Quashing the Quitters

http://www.philipmorris.com/getimg.asp?DOC_ID=1000348671/8751
Results from a 1970 Philip Morris survey distributed in Greenfield, Iowa, where townspeople were staging a mass quit-smoking campaign in conjunction with the movie, Cold Turkey. Philip Morris, apparently threatened by the notion of a whole town spontaneously snubbing out tobacco, decided to study the townspeople. They had “local teenagers, most of whom were Girl Scouts,” distribute the questionnaires, as they were “seldom turned away from a door as strangers might have been.” The report shows, among other findings, statistics on the nervous habits that ex-smokers had acquired since quitting, such as “foot jiggling” (33.5 percent), “match chewing” (22.4 percent), and “knuckle cracking” (14.2 percent).

http://www.philipmorris.com/getimg.asp?DOC_ID=1000368057/8081
Frightened by data that suggested smokers may actually be using low-tar and low-nicotine cigarettes to help themselves quit smoking, the author of this study questions the economical wisdom of selling them:

“…the nicotine deliveries of these products may be low enough to constitute a partial weaning of the smoker…. If the industry’s introduction of acceptable low-nicotine products does make it easier for dedicated smokers to quit, then the wisdom of introduction is open to debate.”

 

G-Rated Smokes

Tobacco companies pay very generous amounts of money to movie companies in exchange for a prominent display of their brand of cigarette in smoking scenes.
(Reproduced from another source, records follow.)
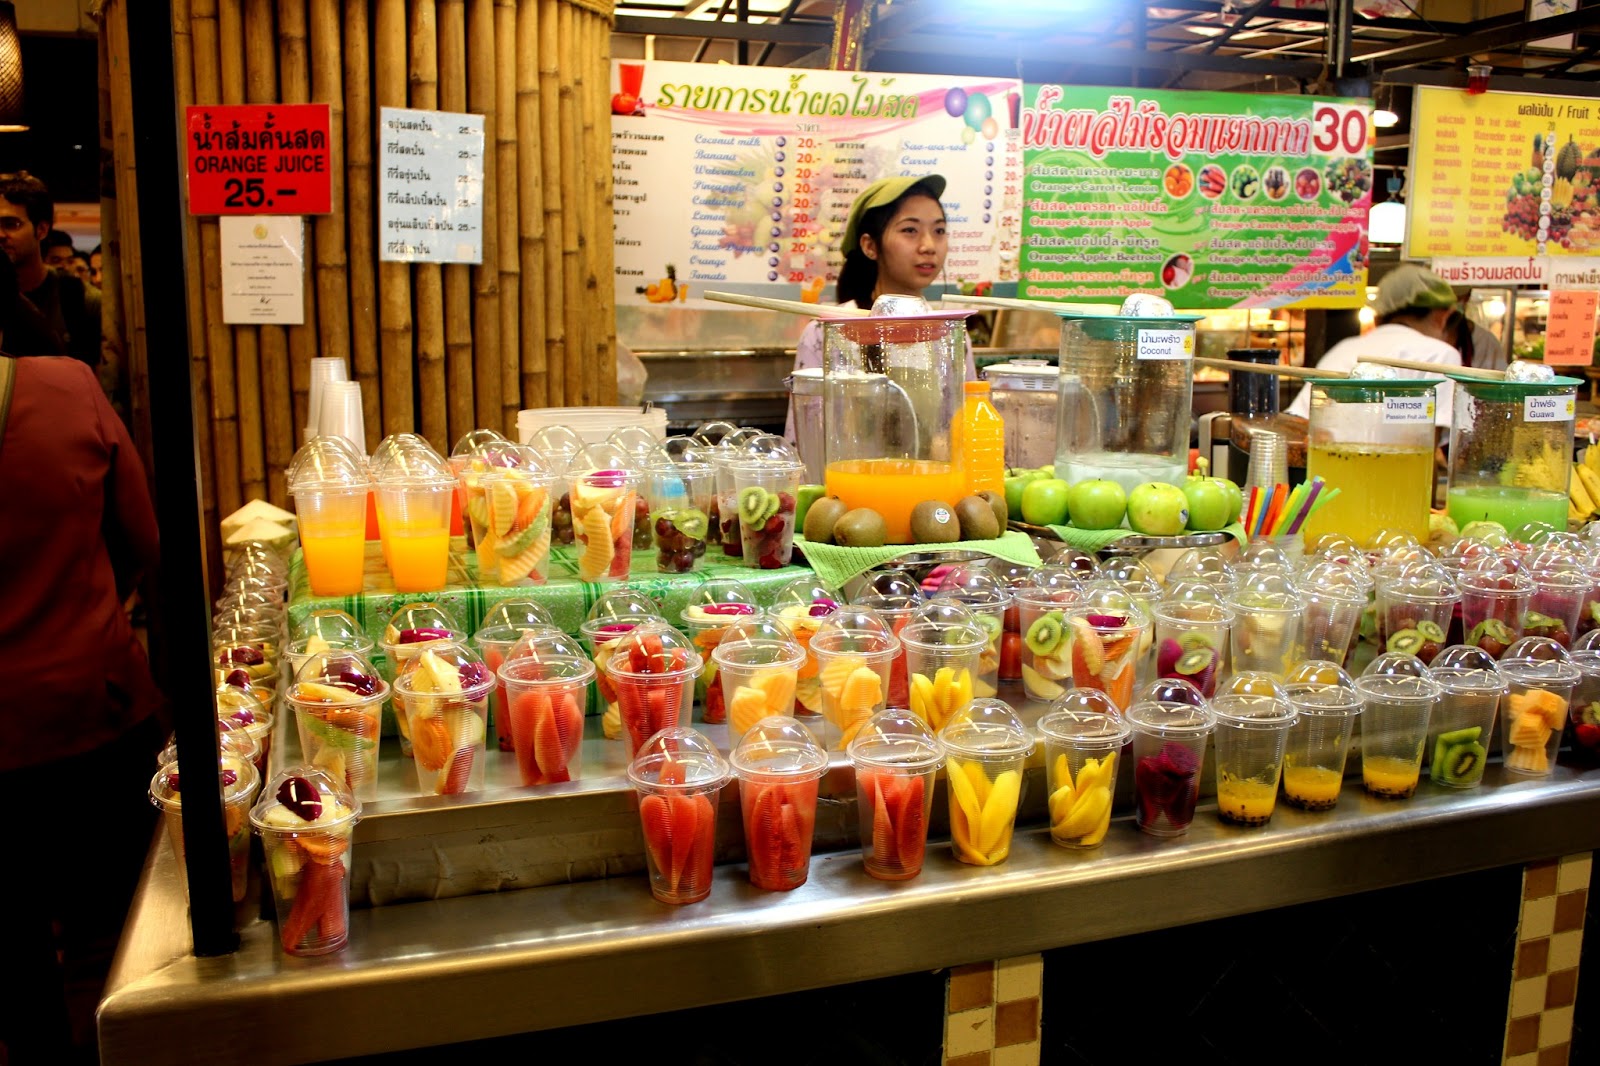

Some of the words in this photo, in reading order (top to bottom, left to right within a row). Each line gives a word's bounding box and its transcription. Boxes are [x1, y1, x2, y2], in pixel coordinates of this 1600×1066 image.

[657, 73, 920, 118] รายการน้ำผลไม้สด
[1567, 106, 1589, 119] Fruit
[193, 112, 325, 150] น้ำส้มคั้นสด
[1314, 107, 1367, 154] 30
[694, 133, 735, 145] Coconut
[737, 136, 761, 146] milk
[797, 137, 822, 148] 20.-
[458, 151, 477, 159] 25.-
[694, 149, 737, 161] Banana
[796, 153, 821, 163] 20.-
[901, 156, 938, 165] Carrot
[195, 155, 267, 173] ORANGE
[274, 155, 324, 172] JUICE
[693, 165, 755, 177] Watermelon
[795, 168, 820, 179] 20.-
[224, 178, 297, 207] 25.-
[692, 180, 746, 194] Pineapple
[794, 183, 819, 194] 20.-
[793, 198, 818, 209] 20.-
[692, 211, 726, 221] Lemon
[792, 213, 816, 224] 20.-
[691, 226, 726, 237] Guava
[792, 228, 816, 238] 20.-
[791, 242, 815, 253] 20.-
[689, 255, 726, 268] Orange
[689, 270, 727, 280] Tomato
[789, 271, 813, 283] 20.-
[1141, 332, 1181, 343] น้ำมะพร้าว
[1141, 346, 1172, 354] Coconut
[1387, 399, 1422, 409] น้ำเสาวรส
And they get their money’s worth. According to The Wall Street Journal, Independence Day had a total of 28 smoking scenes, and A Time to Kill had 30 such scenes. UCSF researchers report that a walloping 80% of male leads on the big screen lit up in movies released between 1991 and 1996.
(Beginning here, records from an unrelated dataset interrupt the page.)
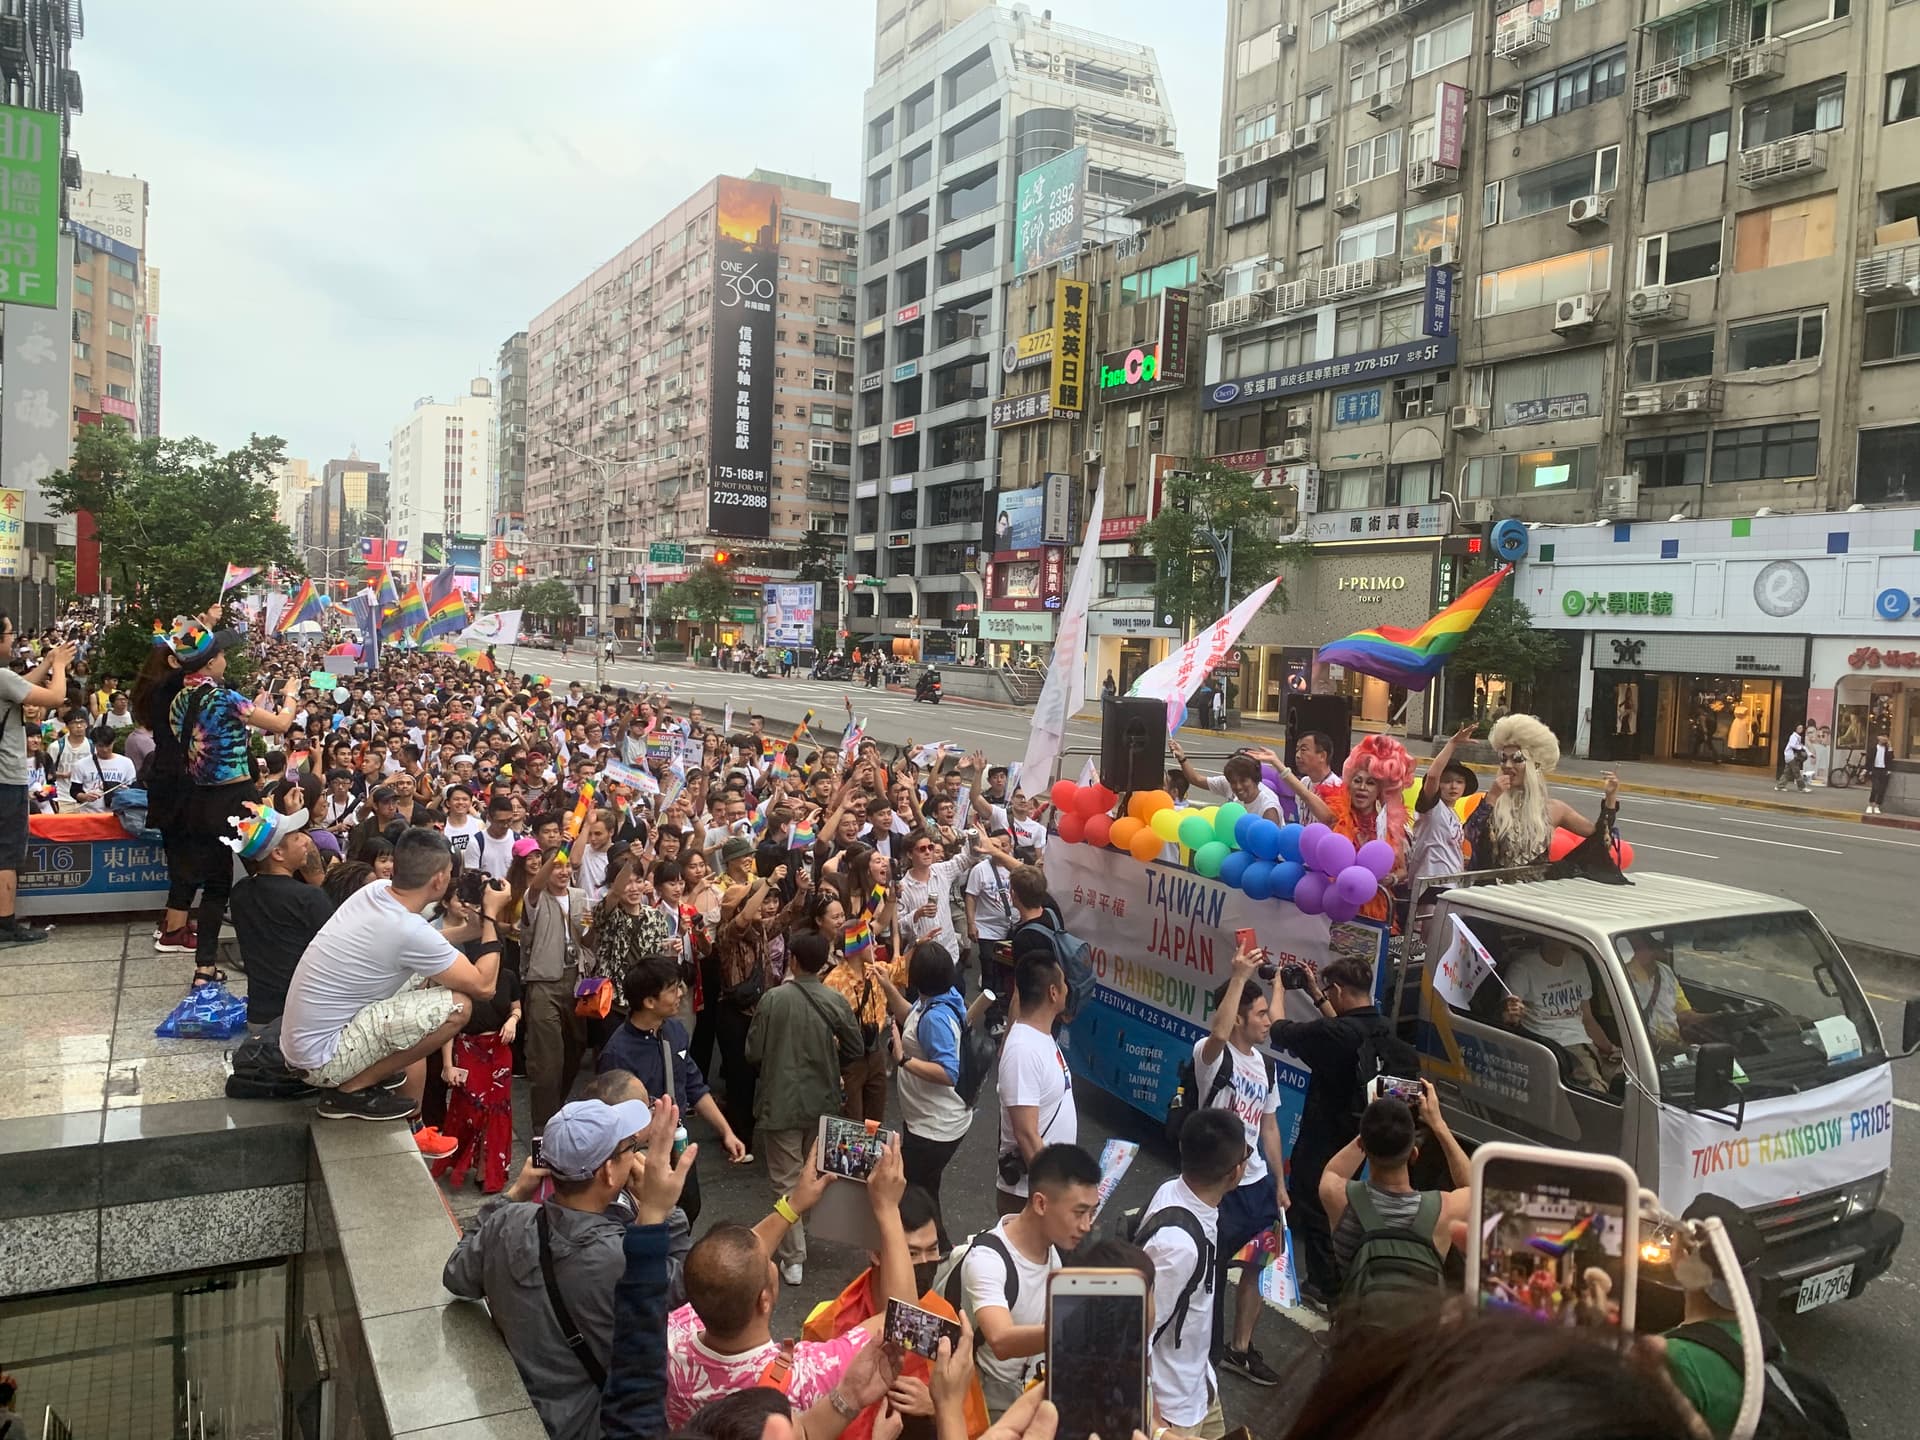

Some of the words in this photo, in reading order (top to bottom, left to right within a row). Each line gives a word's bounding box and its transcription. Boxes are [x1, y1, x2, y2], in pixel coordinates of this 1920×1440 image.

[1049, 182, 1075, 210] 2392
[1048, 206, 1074, 231] 5888
[721, 260, 743, 274] ONE
[720, 263, 774, 307] 360
[1433, 269, 1447, 319] 雪瑞爾
[1433, 320, 1444, 332] 5F
[1243, 377, 1278, 396] 雪瑞爾
[1354, 353, 1400, 373] 2778-1517
[713, 492, 768, 508] 2723-2888
[1350, 512, 1420, 533] 魔術真髮
[1586, 591, 1673, 616] 大學眼鏡
[90, 772, 123, 781] TAWAN
[32, 846, 74, 872] 16
[109, 872, 136, 883] East
[1073, 884, 1127, 918] 台灣平權
[1145, 868, 1227, 929] TAIWAN
[1147, 917, 1214, 975] JAPAN
[1113, 955, 1197, 1016] RAINBOW
[1541, 984, 1583, 1008] TAIWAN
[1100, 990, 1136, 1015] FESTIVAL
[1139, 1008, 1158, 1025] 4.25
[1161, 1017, 1178, 1033] SAT
[1180, 1026, 1186, 1037] &
[1125, 1043, 1164, 1058] TOGETHER
[1138, 1061, 1161, 1073] MAKE
[1280, 1069, 1306, 1088] AND
[1128, 1073, 1159, 1088] TAIWAN
[1132, 1089, 1157, 1103] BETTER
[1692, 1137, 1750, 1178] TOKYO
[1758, 1117, 1842, 1165] RAINBOW
[1850, 1101, 1891, 1142] PRIDE
[1799, 1274, 1850, 1308] RAA-7906
But did you know that Philip Morris and other tobacco companies actually paid for product placement in some of the more popular children’s movies of recent times, including Snow White and the Seven Dwarves, Superman, and Who Framed Roger Rabbit? Our personal favorite? The Muppet Movie, of course.

Take a look at this comprehensive list of movies and see if you can spot your favorite.

How much money would you say Hollywood plugs like these are worth: $500,000? $50 million? How about $200 million? That’s the amount that Brown & Williamson heard Philip Morris was supposed to pay to the makers of Apocalypse Now for product placement of the Marlboro cigarettes in that film alone. An outragous fee, right? B&W execs agreed, they thought the movie was only worth $100 million.

 

Be Their Guest

The tobacco companies haven’t made it easy to go scavenging through their formerly confidential files. Interspersed with actual internal company reports, where the real smoking guns lie, are advertisements, press releases and clippings, and other irrelevant documents that clog up your searches. All the documents have been scanned in, which means that if you have anything less than a kick-ass computer and a really fast Internet connection, it’s going to take a while to actually view the pages. Once you get the pages up on your screen, it’s another challenge to read the blurry print. All this makes us wonder: Is this technological illiteracy on Philip Morris’ part, or an intentional undermining of the release of information? Either way, we think they should fire their Web developers.

On most Web browsers, you can click on the right button of your mouse and select “View Image” or “Open Image” to get a slightly magnified view of a page at a time. To view the next page, click on “Back” and you’ll return to the demagnified view of the whole document.

If you still wanna poke around, and you’ve got a few years to kill, the best way to explore the documents is to use the searchable database. You can enter keywords such as “teen,” “young,” and “children” to see the dirt they’ve got on young smokers. To avoid the noise and get directly to the company’s internal reports, where the tobacco control advocates’ real ammunition lies, try simply typing in the keywords “report” or “memorandum.” It worked for us.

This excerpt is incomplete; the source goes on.